::: SOURCE MATERIAL

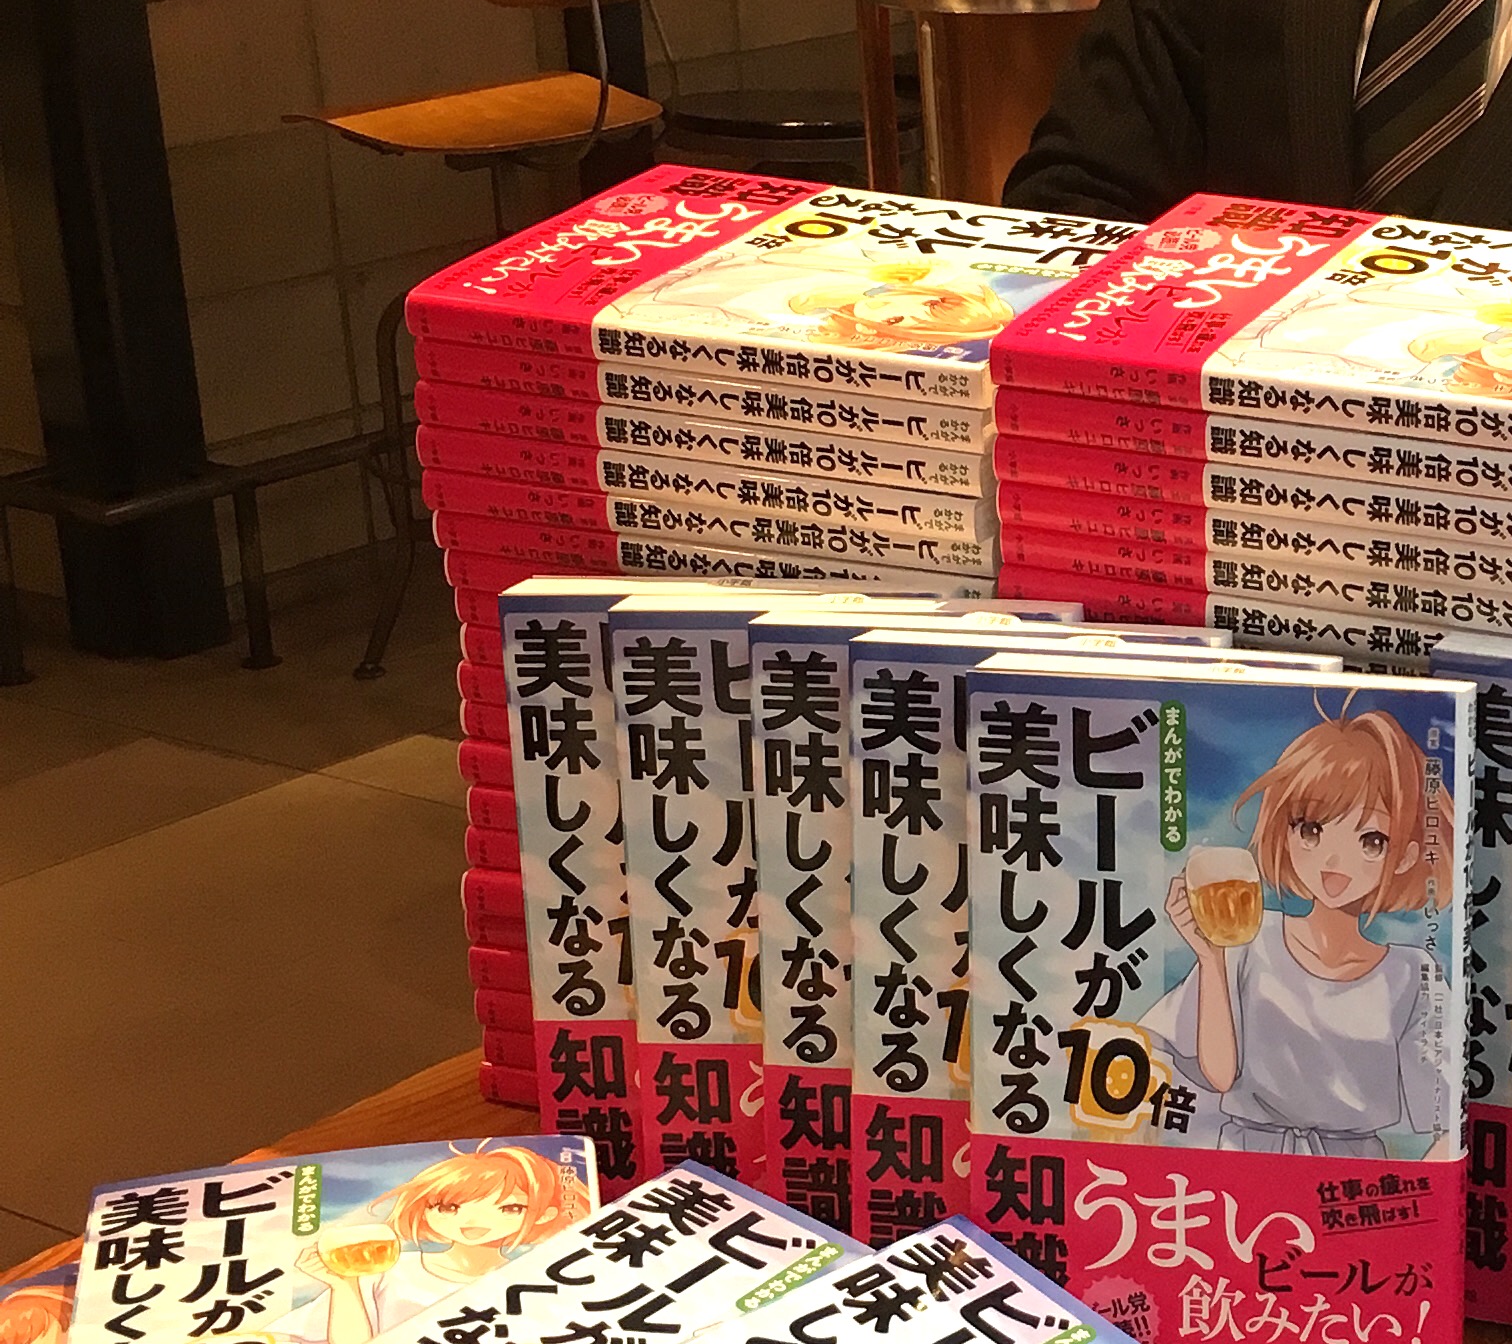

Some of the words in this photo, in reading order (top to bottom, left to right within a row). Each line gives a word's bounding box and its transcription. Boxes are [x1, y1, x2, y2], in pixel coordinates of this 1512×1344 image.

[1173, 233, 1330, 308] うまい
[1164, 707, 1182, 844] まんがでわかる
[1424, 757, 1443, 867] 藤原ヒロユキ
[1057, 706, 1197, 1133] ビールが10倍
[1074, 1158, 1316, 1271] うまい
[1316, 1174, 1432, 1204] 仕事の疲れを
[1257, 1246, 1433, 1298] ビールが

::::::

TASK ITEM —
Output every entry above exactly, minus the pictures.

WRITTEN RESPONSE —
Some of the words in this photo, in reading order (top to bottom, left to right within a row). Each line gives a word's bounding box and its transcription. Boxes are [x1, y1, x2, y2], in pixel coordinates of this 1512×1344 image.

[1173, 233, 1330, 308] うまい
[1164, 707, 1182, 844] まんがでわかる
[1424, 757, 1443, 867] 藤原ヒロユキ
[1057, 706, 1197, 1133] ビールが10倍
[1074, 1158, 1316, 1271] うまい
[1316, 1174, 1432, 1204] 仕事の疲れを
[1257, 1246, 1433, 1298] ビールが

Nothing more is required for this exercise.